Die britische Regierung soll die staatlichen IT-Systeme für Open-Source-Software öffnen, forderte der konservative britische Abgeordnete George Osborne.
Mehr als 600 Millionen britische Pfund (881 Millionen Euro) könnten so gespart werden, schätzt Osborne, der im Schattenkabinett von Blair-Gegner David Cameron für das Ressort Finanzen zuständig ist. Im Fall eines Regierungswechsels würde er Nachfolger des amtierenden Schatzkanzlers Gordon Brown antreten.

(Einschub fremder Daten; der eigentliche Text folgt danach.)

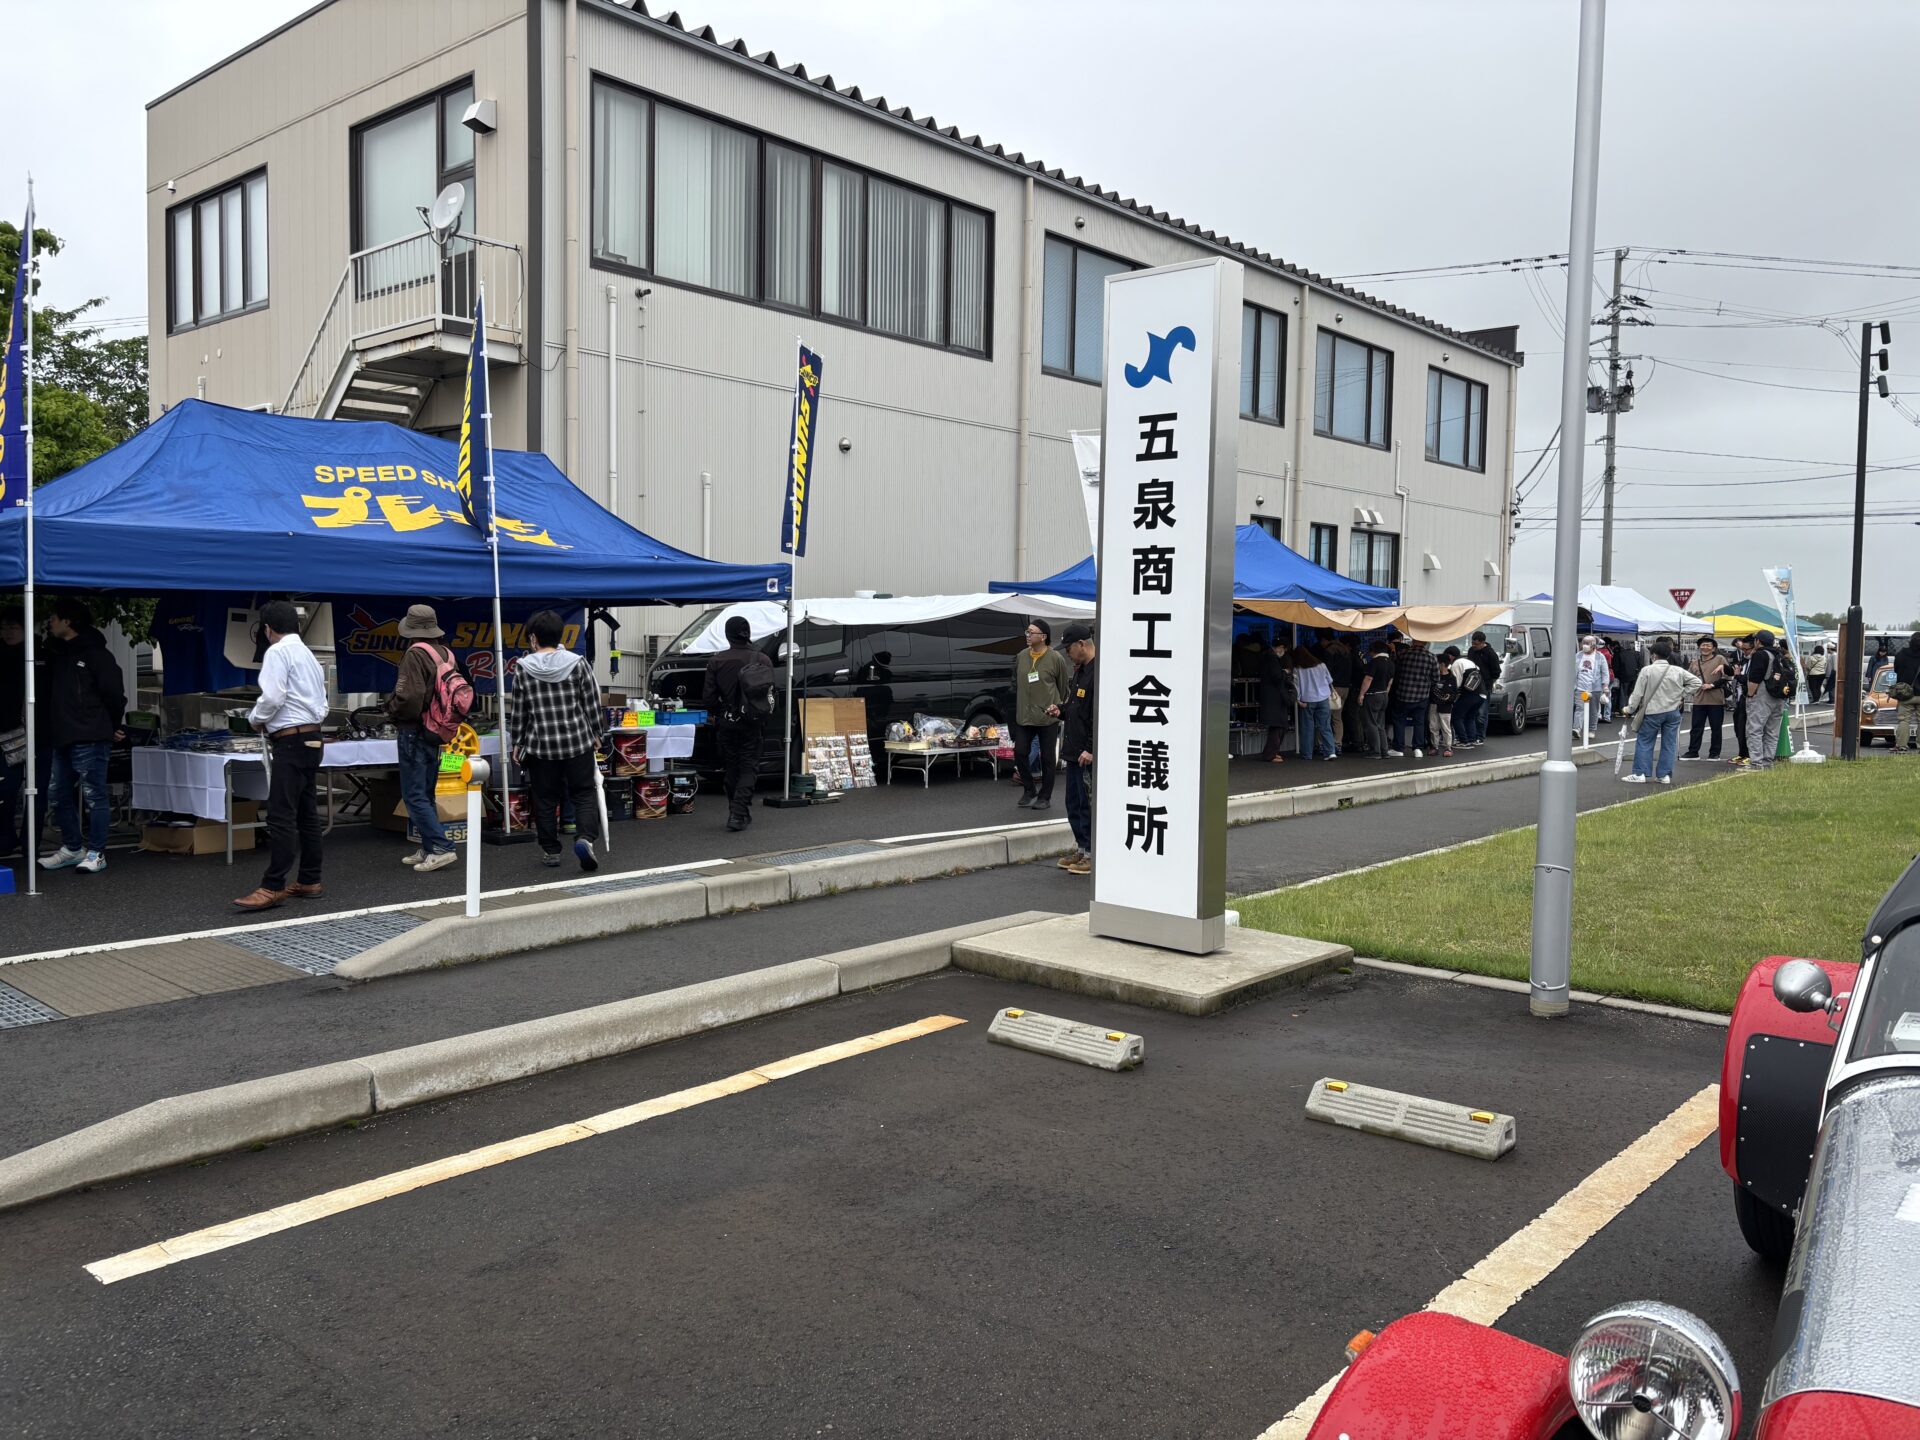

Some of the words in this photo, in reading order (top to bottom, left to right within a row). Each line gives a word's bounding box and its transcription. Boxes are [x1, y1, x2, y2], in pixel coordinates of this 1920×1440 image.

George Osborne wirft gegenüber britischen Medien der Regierung Geldverschwendung im IT-Sektor vor. Als Vorbilder nannte er andere Länder: Japan beispielsweise habe sein Lohnabrechnungssystem auf freie Software umgestellt und damit die Kosten halbiert. Auch nach Erkenntnissen des Ministeriums für Erziehung und Forschung ließen sich mit Open Source Software an Schulen rund 50 Prozent der Kosten pro PC einsparen.
Als weiteren Vorteil nennt Osborne den frei zugänglichen Quellcode und offene Standards. Letztere seien für Unternehmen ein Wettbewerbsvorteil. Viel zu häufig sei ein IT-System nicht kompatibel mit anderer Software, das behindere den Wettbewerb und bremse Innovationen, argumentiert Osborne.